Uniform Policy, U.S. Army.The United States Army doesn't lack for challenges at the moment. Among the chief hurdles facing America's soldiers are grueling rounds of combat deployments, plans to withdraw from Iraq, projected budget cuts, and the integration of openly gay soldiers into the force since the repeal of Don't Ask, Don't Tell earlier this year.
And now you can add to the above list the always tricky question of how much and what kind of expressive flourishes the military will permit to soldiers in its ranks. Raymond Chandler, the sergeant major of the Army, tells Army Times correspondent Lance Bacon that in preparing updated Army regulations on grooming and appearance, he's taken to Facebook to debate the finer points of French manicures, earrings, pony tails, and tattoos for U.S. troops.
"I believe that we can better visualize to the American people and the Army what it means to be an American soldier than we're doing now," Chandler told Army Times's Bacon. "Those can be done through personal grooming standards and standards of appearance and . . . the uniforms we wear and how we choose to wear them. I think we can do better. Now's the time to take a look at it."
"I would assume there are going to be some changes," but "exactly what they are it's too early to tell," Chandler added.
Chandler has taken to Facebook to get some initial feedback from the troops to possible proposed changes to the Army's regulations on personal grooming and appearance of uniforms. Among the measures he's pondering are more extensive regulations on tattoos and bans on French manicures.
Among the nearly 400 comments he has so far received, many have opined that they "don't want to see so many tattoos," Bacon writes. "I think the tattoo policy is a little loose," Army Material Command Sgt. Maj. Ronald Riling told Bacon. "I don't like tattoos on the neck where they are visible. If they're not visible and they're covered up, I think that's a soldier's prerogative."
And while some respondents said they didn't like seeing women soldiers wearing earrings, others wondered if the Army didn't have more pressing concerns.
"How have we gone from debating whether women should be allowed into combat arms branches to if we should be able to wear earrings?" one unnamed female non-commissioned officer respondent replied on Facebook. "This is the United States Army, and there is no time for 'pretty' here. I am a female [non-commissioned officer] NCO and while I embrace my womanhood, the bottom line upfront is that ponytails, French manicures, earrings, etc., will not enhance my ability to train and lead soldiers . . . . Please don't empower me as a female, empower me as an NCO."
But Chandler said the goal of the more detailed grooming guidance is "not only to bring change, but to add clarity," Bacon wrote. In a culture that has regulations for pretty much everything, grooming is not just about personal choice.
"We've got a regulation that governs this," Chandler told Bacon. "It was last updated in 2005, and we've published 40 changes since then on the uniform. A basic part of the non-commissioned officer role is the uniform and the appearance of the soldier."
One idea Chandler has to help soldiers stay more fully abreast of Army policies on grooming and uniforms is to centralize the information online.

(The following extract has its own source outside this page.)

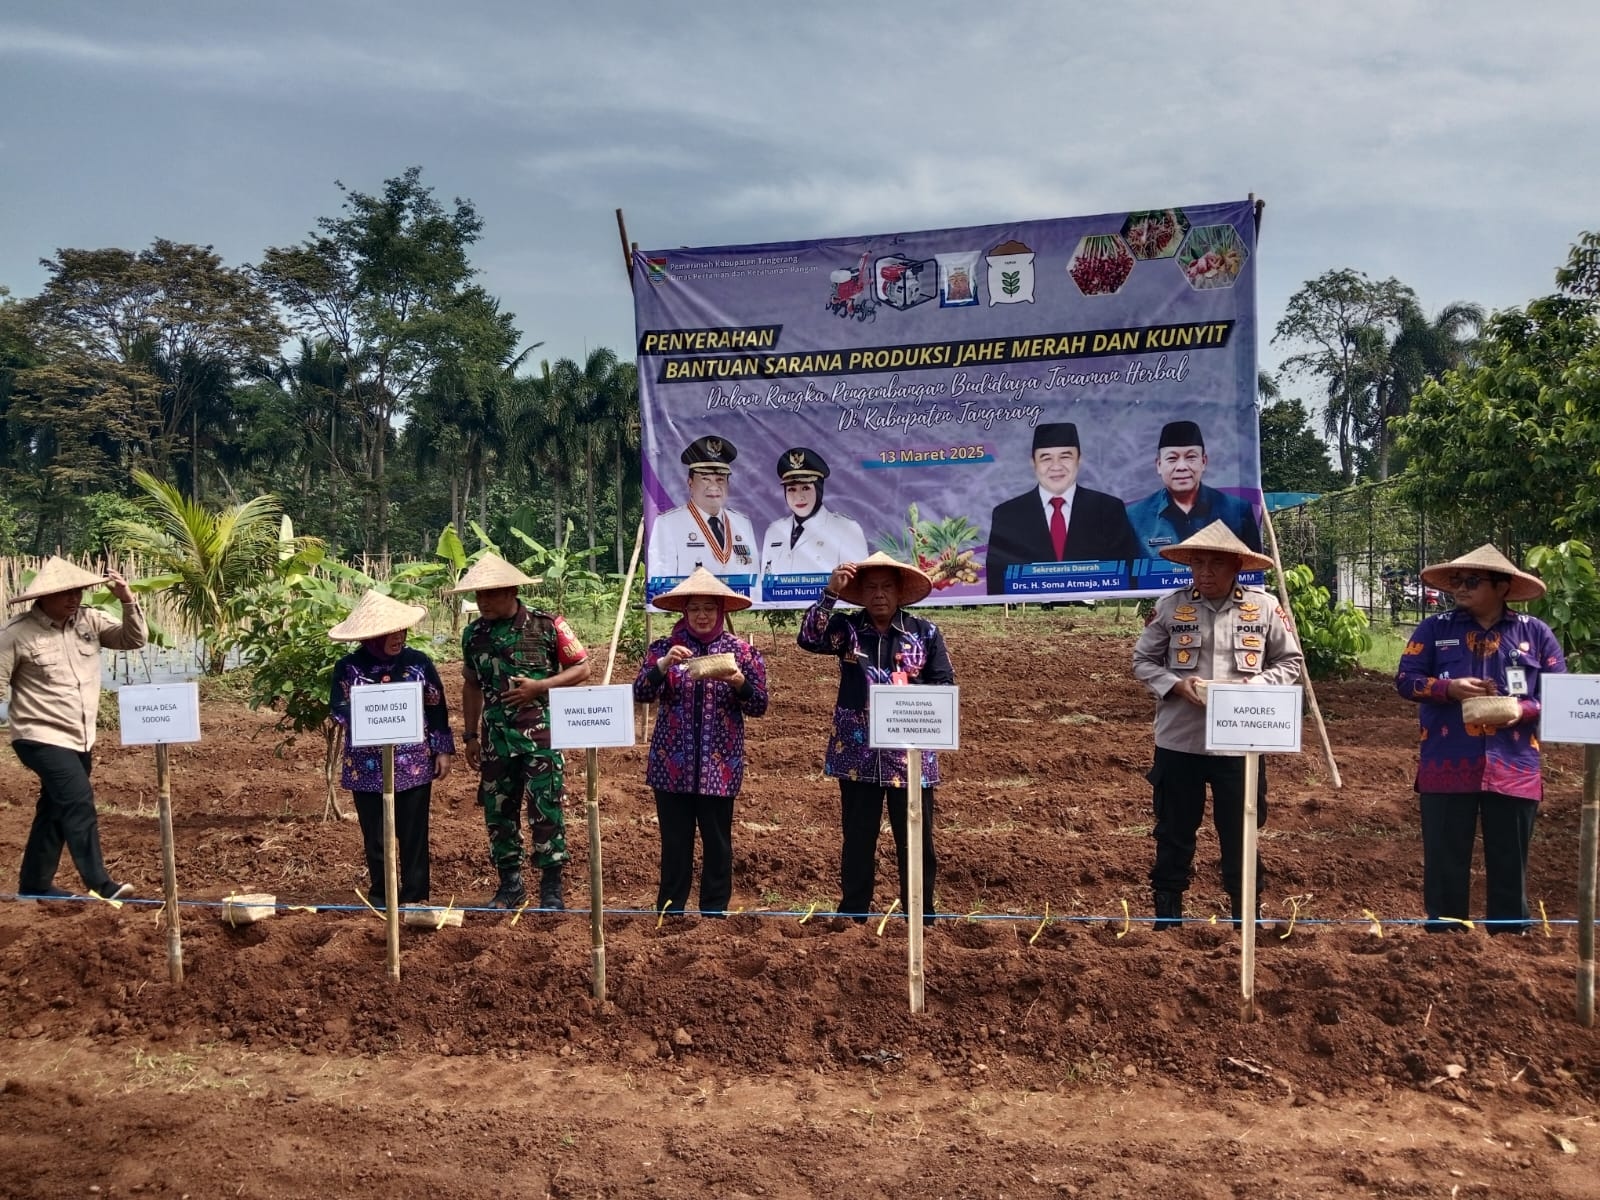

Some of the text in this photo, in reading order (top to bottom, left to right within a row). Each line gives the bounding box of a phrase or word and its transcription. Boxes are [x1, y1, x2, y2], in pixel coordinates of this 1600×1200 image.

He has suggested launching a Wikipedia-style site that "is updated online and basically live." The material on the site will be updated "as changes to grooming and uniform standards are vetted," Bacon wrote--permitting the site to "immediately enter the reference material as text and visual aids" once new policies get promulgated. "Soldiers also would be notified when policies are updated," Bacon added.
As for recent reports of some U.S. forces taking a shine to the art of eyebrow grooming practiced by barbers in Afghanistan? Chandler may be tempted to leave such decisions on that issue to his counterparts in the top brass of the Marines.